Currently this tab is a preview of a Business tier feature.
To access the AI Risk Hub dashboard, select an organization from the top navigation bar and click on the AI Risk Hub tab at the top of the page.
The AI Risk Hub dashboard includes the following sections to help you monitor AI risk in your organization:
AI Policy Compliance
Our AI Policy is a pre-defined, curated ruleset designed to prevent risks and vulnerabilities that are inherent to AI code from entering the codebase – which can be enforced immediately across all repositories and pull request checks. You can enable Codacy's AI Policy by clicking on the button on the right side of the section. This creates a coding standard that applies AI related patterns to your repositories, safeguarding them from AI risks. When the policy is enabled, you are able to view a real distribution of the AI issues found distributed by severity and AI category. When you already have the AI Policy enabled, you can see an edit button which allows you to edit the repositories that have this policy applied.

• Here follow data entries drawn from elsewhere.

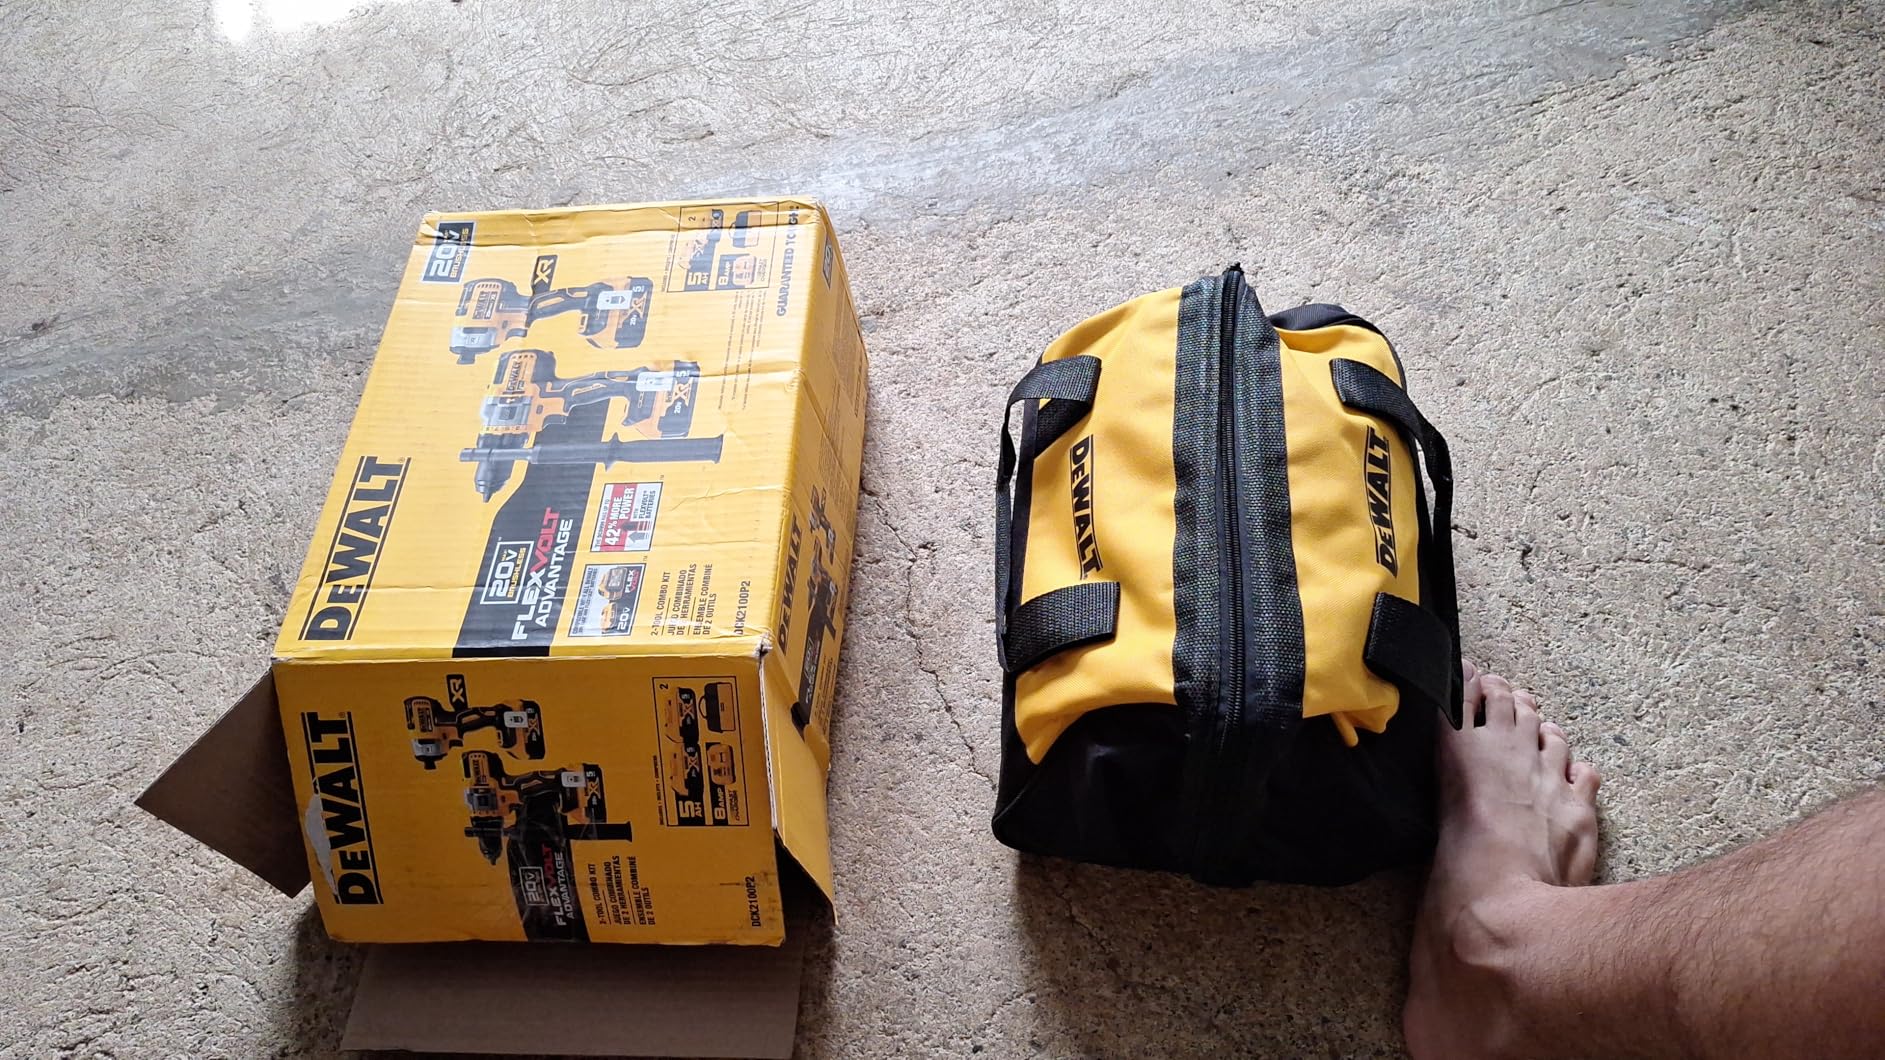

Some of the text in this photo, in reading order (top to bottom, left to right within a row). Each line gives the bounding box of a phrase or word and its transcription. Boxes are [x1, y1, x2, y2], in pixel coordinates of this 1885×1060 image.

[533, 259, 554, 284] XR
[687, 272, 702, 285] 5
[776, 248, 794, 317] GUARANTEED
[618, 487, 635, 520] POWER
[1071, 435, 1101, 576] DEWALT
[1366, 426, 1397, 577] DEWALT
[604, 496, 623, 545] 42% MORE
[304, 456, 405, 640] DEWALT
[489, 549, 518, 597] 20V
[511, 507, 560, 640] FLEXVOLT
[535, 519, 574, 628] ADVANTAGE
[624, 570, 635, 593] FLEX
[656, 584, 668, 610] COMBO
[662, 571, 671, 582] KIT
[672, 570, 688, 612] COMBINADO
[680, 563, 697, 618] HERRAMIENTAS
[777, 512, 802, 656] DEWALT
[617, 606, 631, 630] 20V
[706, 593, 717, 618] OUTILS
[677, 626, 686, 635] DE
[702, 626, 712, 635] DE
[449, 678, 465, 704] XR
[306, 712, 378, 904] DEWALT
[678, 800, 695, 818] 5
[694, 801, 703, 818] AH
[716, 786, 726, 808] AMP
[524, 871, 540, 902] 20V
[541, 842, 568, 926] FLEXVOLT
[554, 851, 576, 920] ADVANTAGE
[588, 864, 596, 874] KIT
[604, 861, 618, 903] COMBINADO
[612, 855, 628, 908] HERRAMIENTAS
[632, 892, 647, 924] ENSEMBLE
[640, 888, 652, 909] OUTILS
[744, 876, 761, 926] DCK2100P2
[623, 916, 632, 924] DE
[647, 916, 656, 925] DE

The AI Policy covers four groups of AI-specific risks:
Unapproved model calls
Ensure no disallowed models are used in production and get visibility around any compliance misuses.
AI Safety
Ensures safety practices are enforced and applied with the use of these new technologies.
Hardcoded Secrets
Ensures anything created or used by AI is protected from misusage.
Vulnerabilities (Insecure dependencies / SCA)

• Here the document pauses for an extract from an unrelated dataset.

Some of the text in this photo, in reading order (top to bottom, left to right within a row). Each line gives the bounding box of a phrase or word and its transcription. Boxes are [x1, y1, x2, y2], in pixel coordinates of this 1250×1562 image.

Ensures protection on all fronts, by integrating vulnerability detection through your entire organization.
Repositories with most AI issues
This list displays repositories in descending order based on the number of AI issues. Depending on the filters applied, the list will show repositories with the most AI open issues, grouped by severity or AI category.
Risk Level
This panel shows the organizational AI Risk Level based on the implementation (or lack) of a range of essential AI safeguards that can be enabled in Codacy. The possible risk levels are: High, Medium, and Low, considering special control factors you can enable in Codacy. These control factors are specified in the AI Risk Checklist.
AI Risk Checklist
With most repositories today being subject to GenAI code contributions, the checklist covers essential source code controls that we recommend to enable across all projects within your organization:
- AI Policy enabled: Enable the AI Policy inside the AI Risk Hub tab.
- Coverage enabled: Set up code coverage for your repositories. See how to upload coverage data to Codacy.
- Enforced gates: Add gates to your repositories, and preferentially apply repositories to gate policies.
- Protected pull requests: Protect your pull requests by enforcing quality gates.
- Daily vulnerability scans: Enable Proactive SCA to protect your repositories from dependencies vulnerabilities.
- Applications scanned: Enable App scanning to scan Web Applications and APIs for security vulnerabilities.